Annotated photo localization data
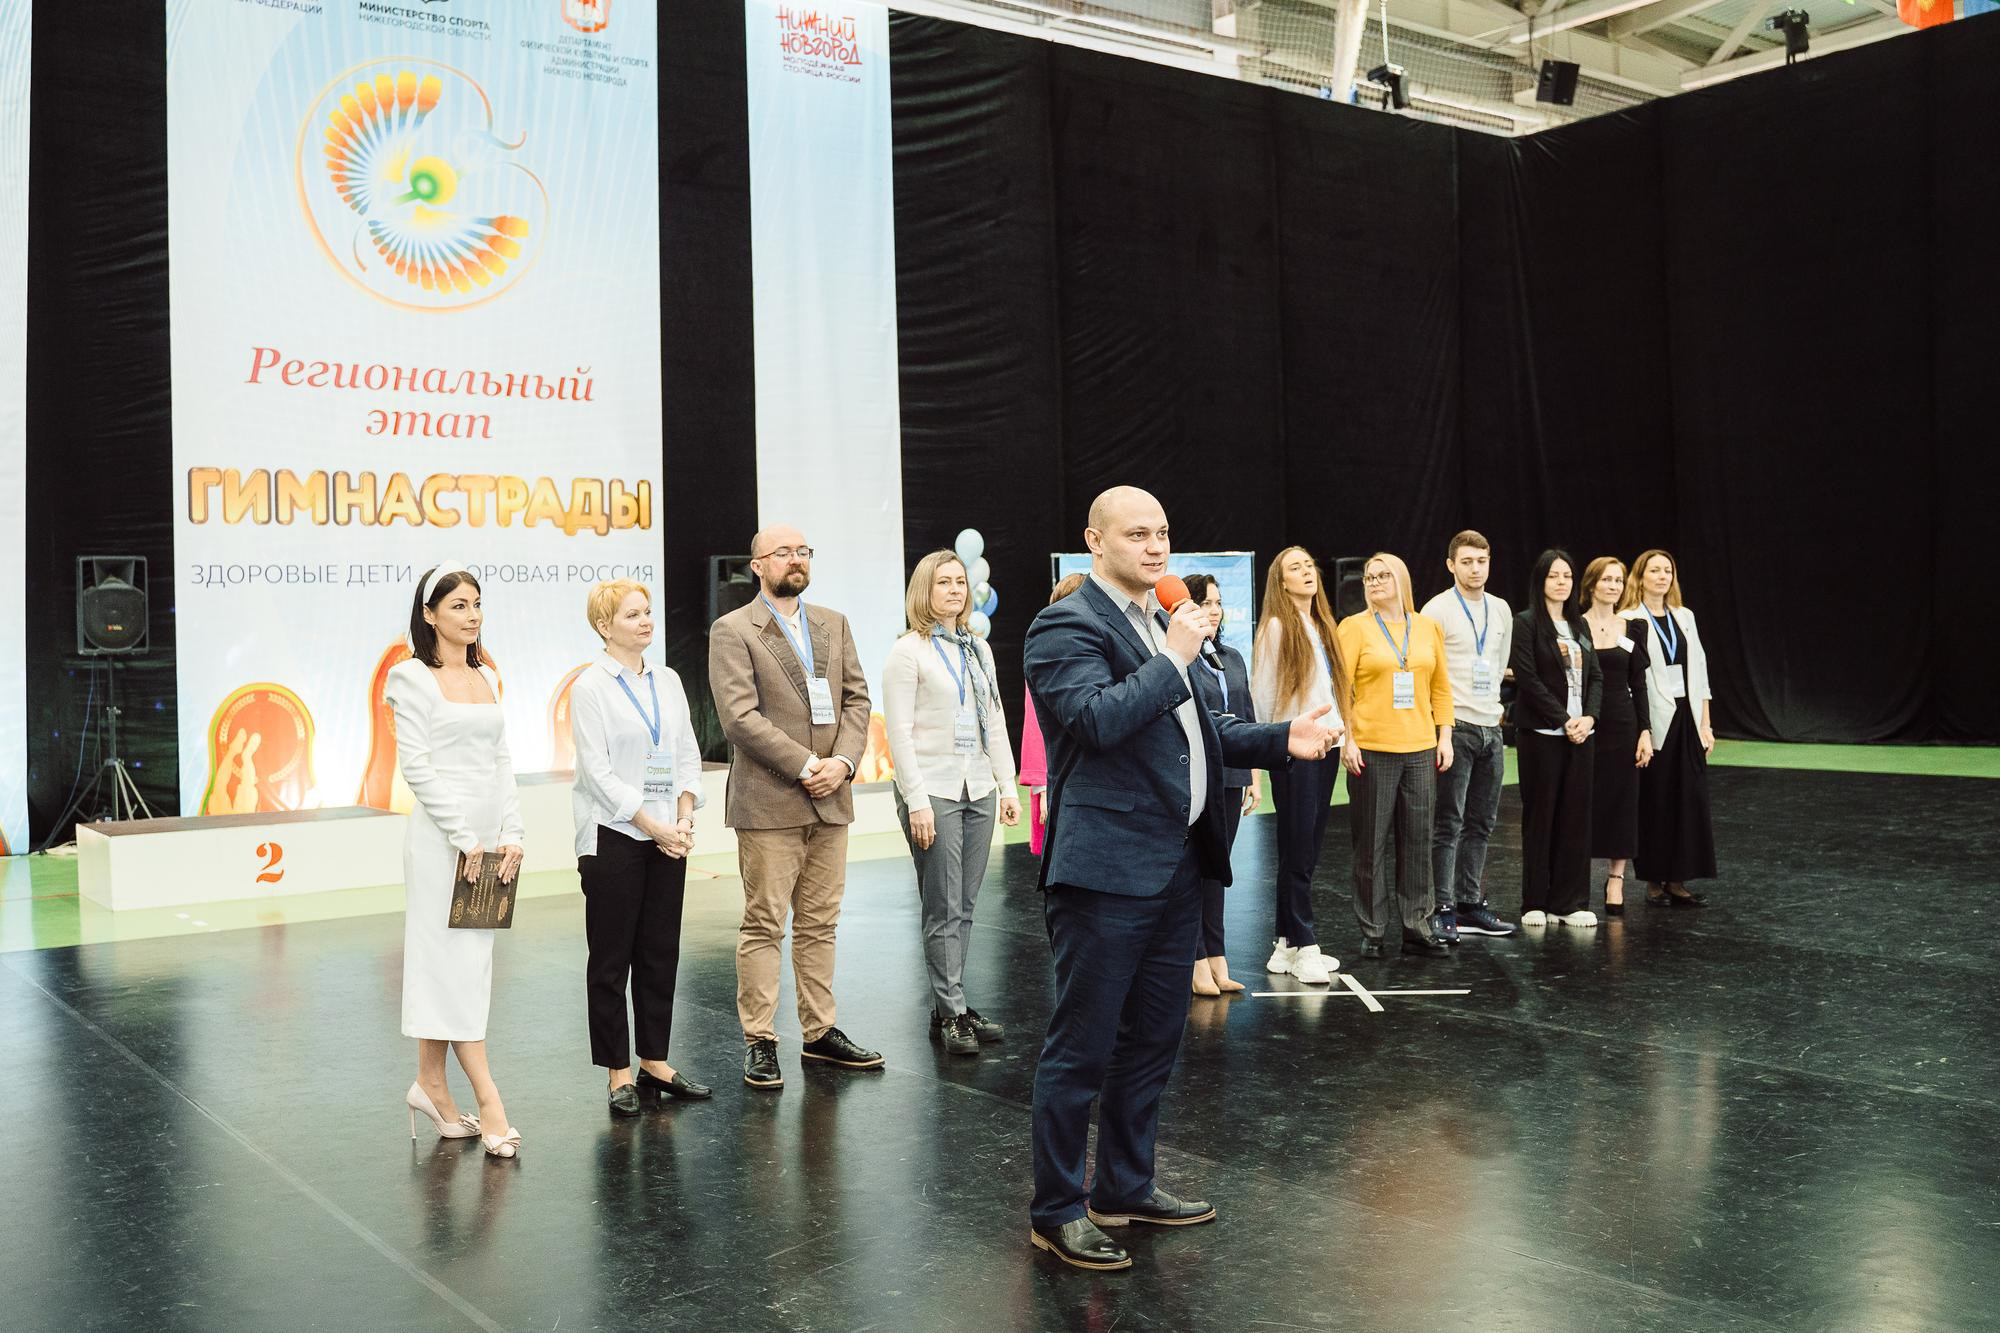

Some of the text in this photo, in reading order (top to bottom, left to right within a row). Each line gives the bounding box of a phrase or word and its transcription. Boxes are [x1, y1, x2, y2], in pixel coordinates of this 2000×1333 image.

[359, 2, 491, 31] МИНИСТЕРСТВО СПОРТА
[359, 13, 492, 41] НИЖЕГОРОДСКОЙ ОБЛАСТИ
[244, 346, 595, 402] Региональный
[365, 408, 493, 439] этап
[187, 466, 653, 537] ГИМНАСТРАДЫ
[191, 564, 339, 588] ЗДОРОВЫЕ
[346, 564, 412, 588] ДЕТИ
[434, 564, 559, 583] ОРОВАЯ
[567, 564, 653, 583] РОССИЯ
[256, 842, 285, 884] 2
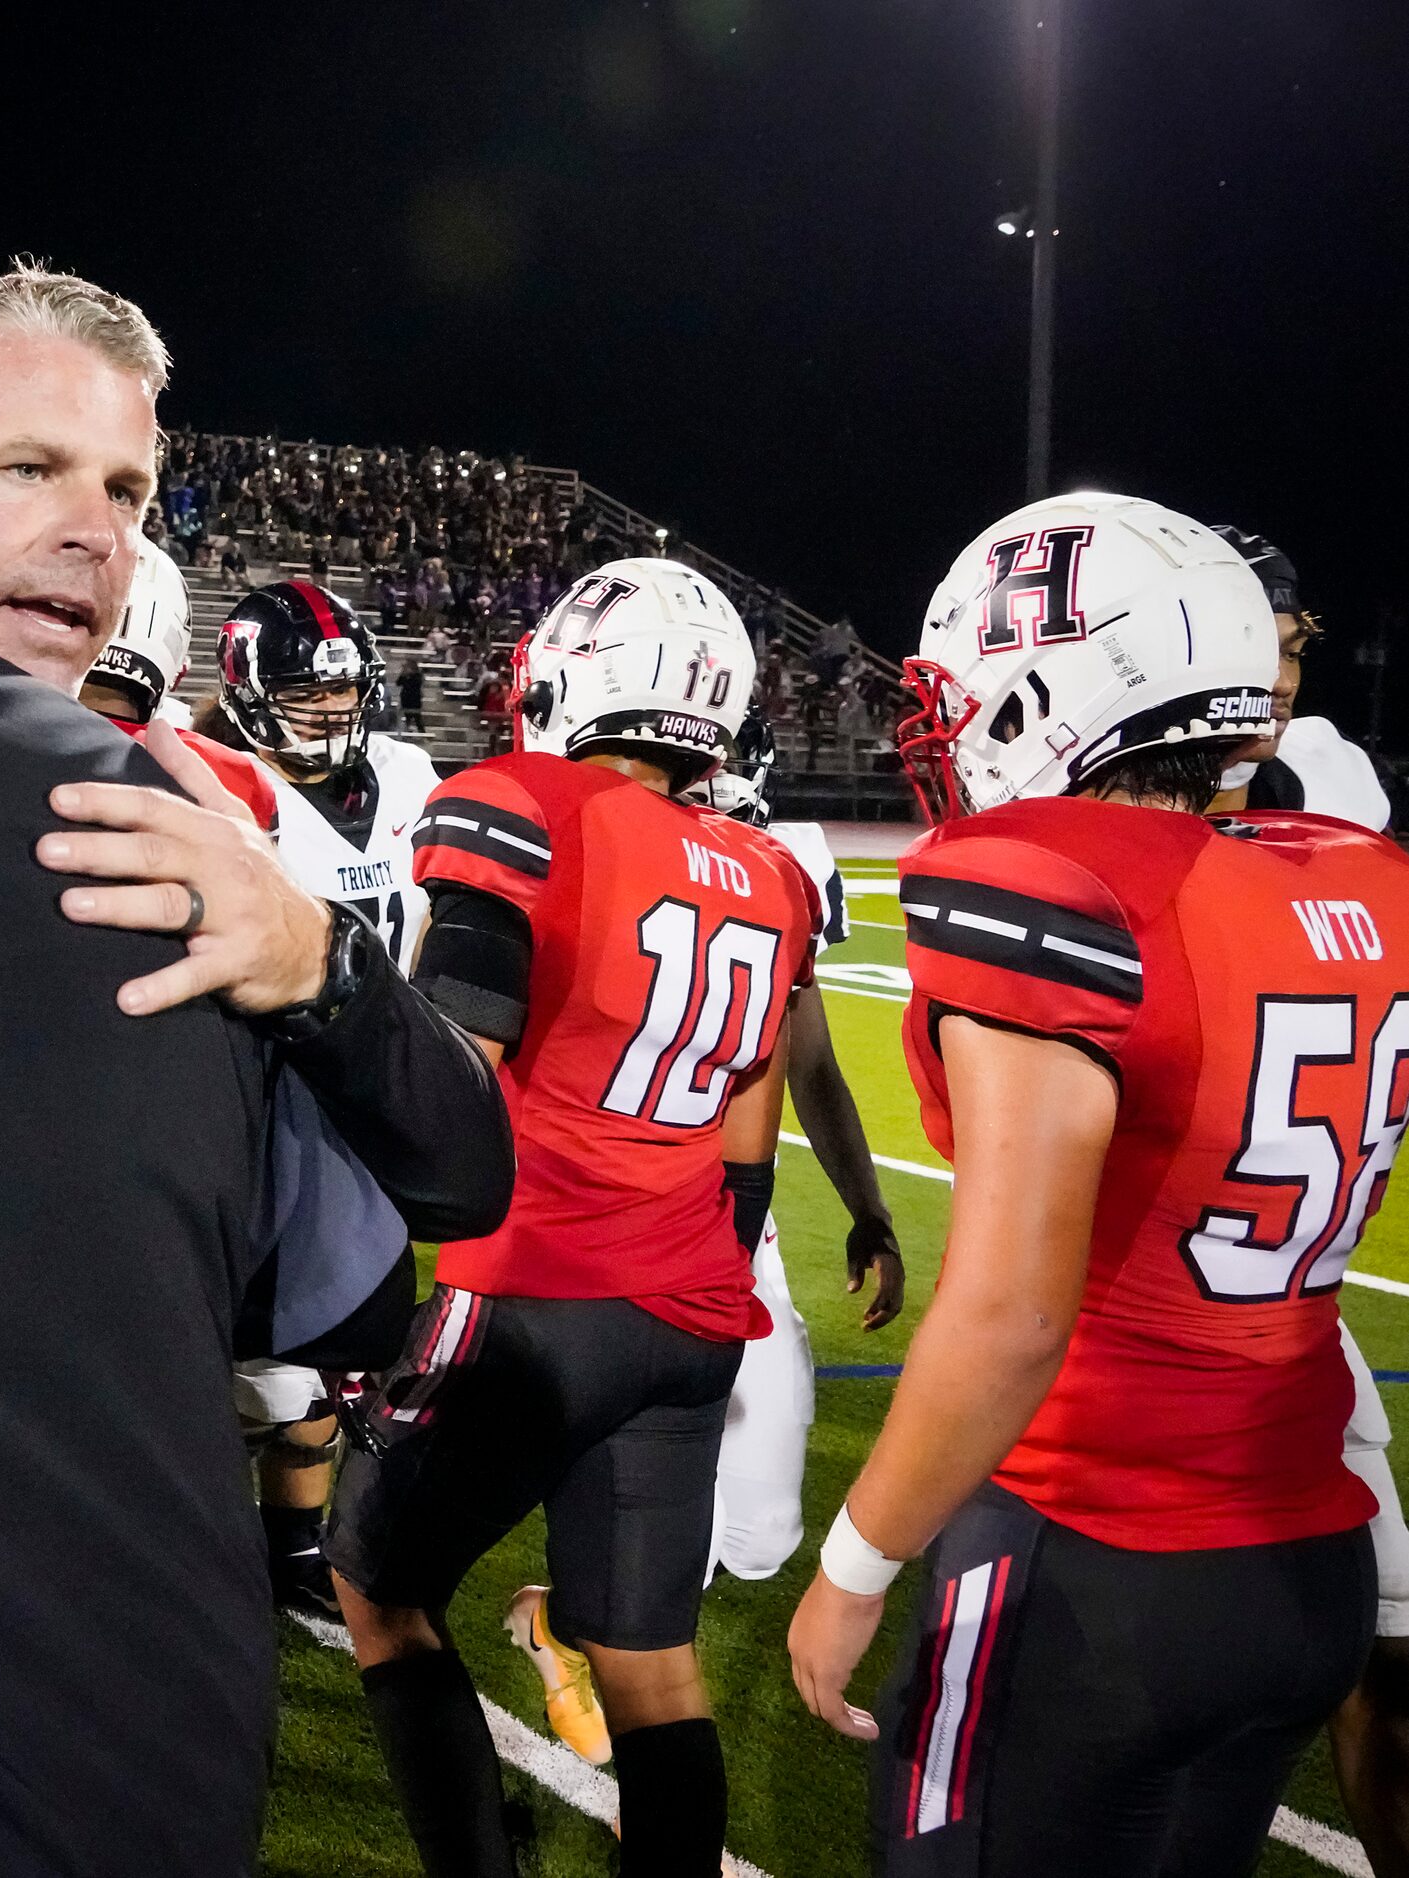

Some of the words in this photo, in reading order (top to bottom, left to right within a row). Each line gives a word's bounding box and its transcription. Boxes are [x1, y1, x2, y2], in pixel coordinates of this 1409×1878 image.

[543, 575, 640, 659] H
[977, 525, 1095, 656] H
[99, 648, 132, 669] WKS
[683, 658, 732, 709] 10
[660, 715, 719, 743] HAWKS
[337, 860, 393, 891] TRINITY
[682, 837, 750, 898] WTD
[1291, 900, 1383, 961] WTD
[598, 894, 782, 1128] 10

Assigned task
Transcribe each record exactly as it stands, setting aside any pictures.

Task answer
Some of the text in this photo, in reading order (top to bottom, left to right within a row). Each line gives the bounding box of a phrase or word and its transcription. Boxes are [x1, y1, x2, y2], in pixel coordinates of this 2000×1333 image.

[359, 2, 491, 31] МИНИСТЕРСТВО СПОРТА
[359, 13, 492, 41] НИЖЕГОРОДСКОЙ ОБЛАСТИ
[244, 346, 595, 402] Региональный
[365, 408, 493, 439] этап
[187, 466, 653, 537] ГИМНАСТРАДЫ
[191, 564, 339, 588] ЗДОРОВЫЕ
[346, 564, 412, 588] ДЕТИ
[434, 564, 559, 583] ОРОВАЯ
[567, 564, 653, 583] РОССИЯ
[256, 842, 285, 884] 2

Some of the words in this photo, in reading order (top to bottom, left to right within a row). Each line gives a word's bounding box and its transcription. Boxes are [x1, y1, x2, y2], in pixel coordinates of this 1409×1878 image.

[543, 575, 640, 659] H
[977, 525, 1095, 656] H
[99, 648, 132, 669] WKS
[683, 658, 732, 709] 10
[660, 715, 719, 743] HAWKS
[337, 860, 393, 891] TRINITY
[682, 837, 750, 898] WTD
[1291, 900, 1383, 961] WTD
[598, 894, 782, 1128] 10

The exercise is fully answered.